胃肠道肿瘤合并糖尿病

2024-10-29

胃肠道肿瘤合并糖尿病(精选8篇)

胃肠道肿瘤合并糖尿病 篇1

胃肠道恶性肿瘤合并糖尿病病情较为复杂, 手术风险增大, 并发症增多。因此, 围手术期的处理非常重要, 是患者顺利康复的保证。笔者回顾性分析胃肠道恶性肿瘤合并糖尿病的患者45例的临床资料, 并对其护理措施进行分析、总结。现报道如下。

1 资料与方法

1.1 临床资料 选择2007年10月-2009年5月手术治疗的胃肠道恶性肿瘤合并糖尿病患者45例, 男27例, 女18例, 年龄39~76岁, 中位年龄62岁。其中胃癌24例, 直肠癌16例, 结肠癌5例。入院时口服降糖药控制血糖14例, 注射胰岛素控制血糖19例, 否认糖尿病史未采取任何治疗措施9例。将上述45例患者列为观察组, 另随机选取同期41例患有胃肠道恶性肿瘤而血糖正常的患者作为对照组, 男23例, 女18例;年龄43~79岁, 中位年龄64岁;胃癌25例, 直肠癌14例, 结肠癌2例。
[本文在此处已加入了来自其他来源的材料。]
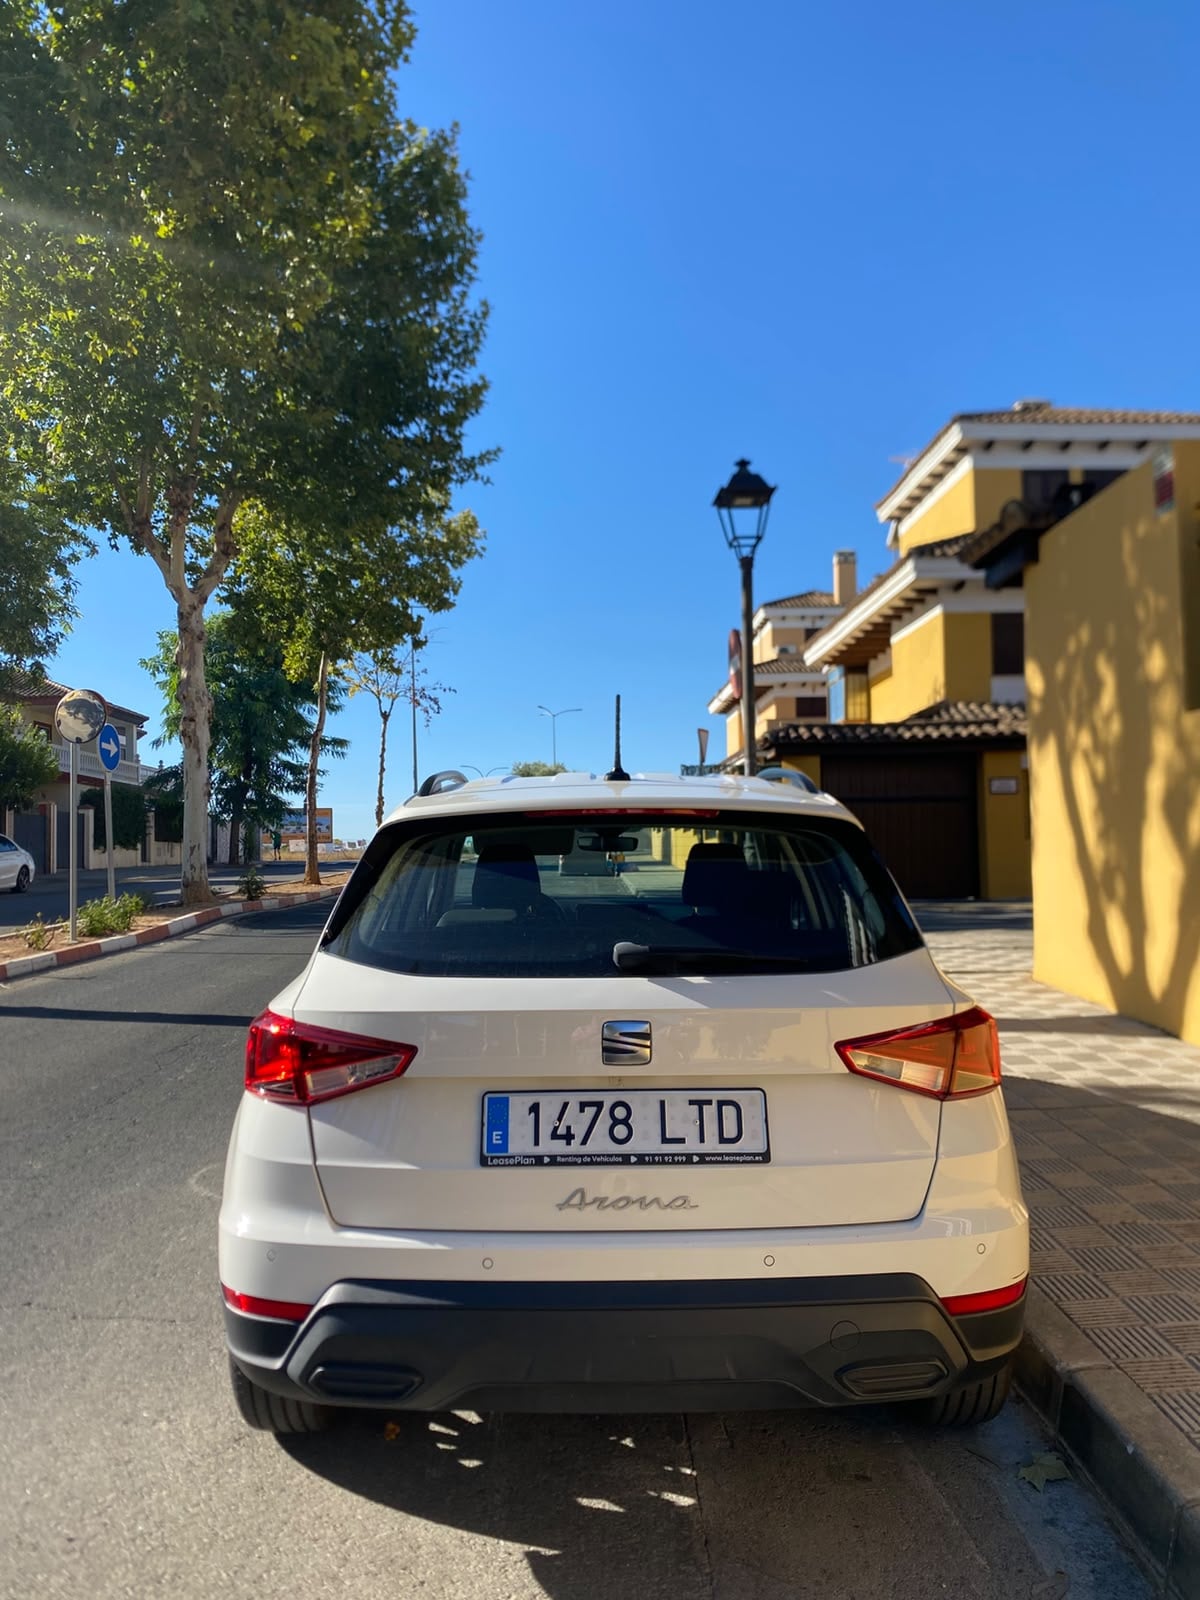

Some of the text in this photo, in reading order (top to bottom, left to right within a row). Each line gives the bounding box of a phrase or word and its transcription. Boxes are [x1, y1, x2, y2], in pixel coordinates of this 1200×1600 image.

2组年龄、性别、病情等方面比较差异无统计学意义 (P<0.05) , 具有可比性。

1.2 方法 对照组给予围手术期常规护理, 观察组在对照组基础上给予精心护理。

1.3 观察指标 观察并比较2组拔除胃管时间、切口拆线时间、住院时间、并发症情况。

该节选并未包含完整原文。